On the pretty, moon-lit album Love Has Come For You, Martin is not the featured attraction. His banjo trickles and tickles, but never attempts to fly, and his old arrow-through-the-head prop is kept in the trunk in the attic. His playing supports the words and melodies of Brickell, whose highly agreeable voice lies somewhere between the velvet purr of Norah Jones and the spring-fed tone of Alison Krauss. The songs paint gentle and comforting rural scenes.

Brickell is long married to Paul Simon, but she knew how to rhyme before they met. Her notable hit was 1988’s What I Am. In 2013, what she is is a mother of three children, and is thus qualified to present the album’s maternal themes. Remember on her old single that Brickell blithely sang that she wasn’t aware of too many things, but that she knew what she knew, if you know what she means. “Choke me in the shallow waters,” the chorus went, “before I get too deep.”

So things here are simple enough, but elegantly and touchingly so. When You Get to Asheville is a missive sent to a nest-departing son or daughter. The title track has a more Celtic feel, though the chorus is soft and sweet. It’s about a son born out of wedlock – a gift heaven sent, a mother comes to believe. Sarah Jane and the Iron Mountain Baby is folkier, pluckier and in the field of Loretta Lynn. A baby in a suitcase was thrown from a train and then retrieved – “You’re my baby now,” our Sarah Jane asserts.

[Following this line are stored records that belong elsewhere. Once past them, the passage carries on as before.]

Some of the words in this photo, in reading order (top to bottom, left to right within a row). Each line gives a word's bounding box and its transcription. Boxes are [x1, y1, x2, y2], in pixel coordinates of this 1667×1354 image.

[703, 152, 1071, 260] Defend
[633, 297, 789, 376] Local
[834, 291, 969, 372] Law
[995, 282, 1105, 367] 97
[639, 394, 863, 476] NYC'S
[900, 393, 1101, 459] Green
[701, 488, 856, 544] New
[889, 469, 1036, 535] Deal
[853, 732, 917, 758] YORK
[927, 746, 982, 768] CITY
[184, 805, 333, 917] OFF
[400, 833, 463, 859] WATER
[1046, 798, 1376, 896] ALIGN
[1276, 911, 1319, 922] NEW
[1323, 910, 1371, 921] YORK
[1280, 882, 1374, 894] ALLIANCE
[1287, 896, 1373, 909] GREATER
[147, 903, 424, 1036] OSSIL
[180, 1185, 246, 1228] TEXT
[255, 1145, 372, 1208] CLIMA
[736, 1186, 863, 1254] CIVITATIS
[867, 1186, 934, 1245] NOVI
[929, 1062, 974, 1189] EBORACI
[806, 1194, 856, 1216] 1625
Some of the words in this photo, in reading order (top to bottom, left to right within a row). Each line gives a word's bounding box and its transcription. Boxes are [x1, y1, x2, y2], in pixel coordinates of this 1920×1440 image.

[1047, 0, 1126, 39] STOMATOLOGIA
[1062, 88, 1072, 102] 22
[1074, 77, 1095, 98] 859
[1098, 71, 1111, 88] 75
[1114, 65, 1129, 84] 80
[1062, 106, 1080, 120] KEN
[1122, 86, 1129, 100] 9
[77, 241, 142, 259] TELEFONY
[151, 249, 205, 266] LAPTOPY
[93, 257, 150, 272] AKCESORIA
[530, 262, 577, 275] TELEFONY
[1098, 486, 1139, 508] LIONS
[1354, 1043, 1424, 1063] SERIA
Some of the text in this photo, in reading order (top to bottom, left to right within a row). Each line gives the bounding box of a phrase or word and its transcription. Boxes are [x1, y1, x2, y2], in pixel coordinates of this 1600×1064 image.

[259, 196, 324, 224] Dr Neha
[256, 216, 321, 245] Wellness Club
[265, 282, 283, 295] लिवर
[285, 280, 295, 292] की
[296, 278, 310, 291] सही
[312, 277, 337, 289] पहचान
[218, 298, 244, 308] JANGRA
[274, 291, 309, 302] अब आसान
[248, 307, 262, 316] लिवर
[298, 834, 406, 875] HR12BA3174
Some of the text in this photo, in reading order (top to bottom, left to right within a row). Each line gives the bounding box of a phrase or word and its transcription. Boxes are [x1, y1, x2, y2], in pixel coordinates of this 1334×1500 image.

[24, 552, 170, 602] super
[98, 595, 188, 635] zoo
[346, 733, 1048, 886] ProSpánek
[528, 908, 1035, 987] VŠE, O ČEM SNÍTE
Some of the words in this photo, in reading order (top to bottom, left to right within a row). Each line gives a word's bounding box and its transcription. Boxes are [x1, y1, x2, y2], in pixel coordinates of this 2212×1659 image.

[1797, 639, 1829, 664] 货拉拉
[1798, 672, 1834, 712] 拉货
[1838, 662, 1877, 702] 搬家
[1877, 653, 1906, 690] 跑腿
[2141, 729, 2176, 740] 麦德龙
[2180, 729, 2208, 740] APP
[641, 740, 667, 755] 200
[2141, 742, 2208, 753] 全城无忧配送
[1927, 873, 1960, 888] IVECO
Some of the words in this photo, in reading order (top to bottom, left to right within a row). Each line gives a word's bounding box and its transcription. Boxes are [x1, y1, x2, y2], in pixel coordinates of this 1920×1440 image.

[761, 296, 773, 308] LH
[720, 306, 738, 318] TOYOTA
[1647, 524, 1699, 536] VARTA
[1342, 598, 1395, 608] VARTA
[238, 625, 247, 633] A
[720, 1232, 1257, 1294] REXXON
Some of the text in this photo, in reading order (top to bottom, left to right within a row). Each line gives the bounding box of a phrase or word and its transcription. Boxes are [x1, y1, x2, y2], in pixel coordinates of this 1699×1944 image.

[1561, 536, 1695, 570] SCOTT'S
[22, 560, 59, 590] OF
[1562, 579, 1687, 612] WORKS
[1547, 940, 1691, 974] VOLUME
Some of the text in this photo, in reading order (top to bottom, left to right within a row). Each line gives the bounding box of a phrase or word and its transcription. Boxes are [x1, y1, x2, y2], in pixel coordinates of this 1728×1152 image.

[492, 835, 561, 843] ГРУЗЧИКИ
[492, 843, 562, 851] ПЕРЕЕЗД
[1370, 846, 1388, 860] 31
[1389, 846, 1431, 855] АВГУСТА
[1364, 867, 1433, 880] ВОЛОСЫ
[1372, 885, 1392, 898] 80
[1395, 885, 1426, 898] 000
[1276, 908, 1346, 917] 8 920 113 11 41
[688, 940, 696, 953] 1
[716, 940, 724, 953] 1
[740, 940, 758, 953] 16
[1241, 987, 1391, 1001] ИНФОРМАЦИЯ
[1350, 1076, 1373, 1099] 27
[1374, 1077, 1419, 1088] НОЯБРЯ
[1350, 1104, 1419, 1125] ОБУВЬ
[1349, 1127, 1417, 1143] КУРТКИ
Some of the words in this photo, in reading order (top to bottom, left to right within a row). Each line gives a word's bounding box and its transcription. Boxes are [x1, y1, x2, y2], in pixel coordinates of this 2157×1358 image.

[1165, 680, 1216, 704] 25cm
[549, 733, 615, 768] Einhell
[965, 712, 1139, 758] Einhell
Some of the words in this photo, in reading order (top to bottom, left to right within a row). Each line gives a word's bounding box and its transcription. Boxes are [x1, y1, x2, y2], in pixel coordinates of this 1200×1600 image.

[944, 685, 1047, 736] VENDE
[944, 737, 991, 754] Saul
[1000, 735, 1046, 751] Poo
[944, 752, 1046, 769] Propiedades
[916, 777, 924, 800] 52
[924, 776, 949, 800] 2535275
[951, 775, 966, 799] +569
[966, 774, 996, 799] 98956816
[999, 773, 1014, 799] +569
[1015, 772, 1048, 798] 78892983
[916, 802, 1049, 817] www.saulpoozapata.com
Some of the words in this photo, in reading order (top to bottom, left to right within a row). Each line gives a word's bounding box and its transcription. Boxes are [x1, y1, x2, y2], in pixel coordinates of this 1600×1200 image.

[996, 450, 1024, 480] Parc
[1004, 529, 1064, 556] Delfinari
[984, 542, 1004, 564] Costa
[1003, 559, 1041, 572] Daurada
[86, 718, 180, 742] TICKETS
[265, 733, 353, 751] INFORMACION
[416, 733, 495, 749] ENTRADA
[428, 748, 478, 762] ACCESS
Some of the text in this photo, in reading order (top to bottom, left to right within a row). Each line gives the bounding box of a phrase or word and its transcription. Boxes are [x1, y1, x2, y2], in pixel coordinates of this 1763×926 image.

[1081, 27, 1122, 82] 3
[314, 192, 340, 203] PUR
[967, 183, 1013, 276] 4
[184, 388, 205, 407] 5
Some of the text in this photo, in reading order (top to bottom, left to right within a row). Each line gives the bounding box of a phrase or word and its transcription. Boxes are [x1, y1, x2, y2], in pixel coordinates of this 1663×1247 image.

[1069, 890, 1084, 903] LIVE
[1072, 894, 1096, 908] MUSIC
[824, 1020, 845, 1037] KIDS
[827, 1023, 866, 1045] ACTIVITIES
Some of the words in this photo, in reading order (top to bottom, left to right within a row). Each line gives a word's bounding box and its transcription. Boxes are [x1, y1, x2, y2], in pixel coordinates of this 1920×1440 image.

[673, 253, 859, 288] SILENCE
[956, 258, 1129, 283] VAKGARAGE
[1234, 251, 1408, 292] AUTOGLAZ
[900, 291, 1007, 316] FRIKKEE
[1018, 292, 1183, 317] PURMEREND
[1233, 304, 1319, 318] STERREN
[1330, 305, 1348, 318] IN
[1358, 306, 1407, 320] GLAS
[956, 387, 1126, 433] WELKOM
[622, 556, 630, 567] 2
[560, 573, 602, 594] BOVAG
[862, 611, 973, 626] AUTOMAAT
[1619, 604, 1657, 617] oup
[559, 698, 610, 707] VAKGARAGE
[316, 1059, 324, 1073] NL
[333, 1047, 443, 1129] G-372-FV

The album’s least forgettable moment is Friend of Mine, a stringed soother. “The world is such a crazy place, full of love and pain,” Brickell sings, breathy and with a touch of drawl. “What would I do without you, here to keep me sane.” A friend is invaluable for lifting spirits and offering sympathy. One plus one equals three, Steve and Edie would likely agree.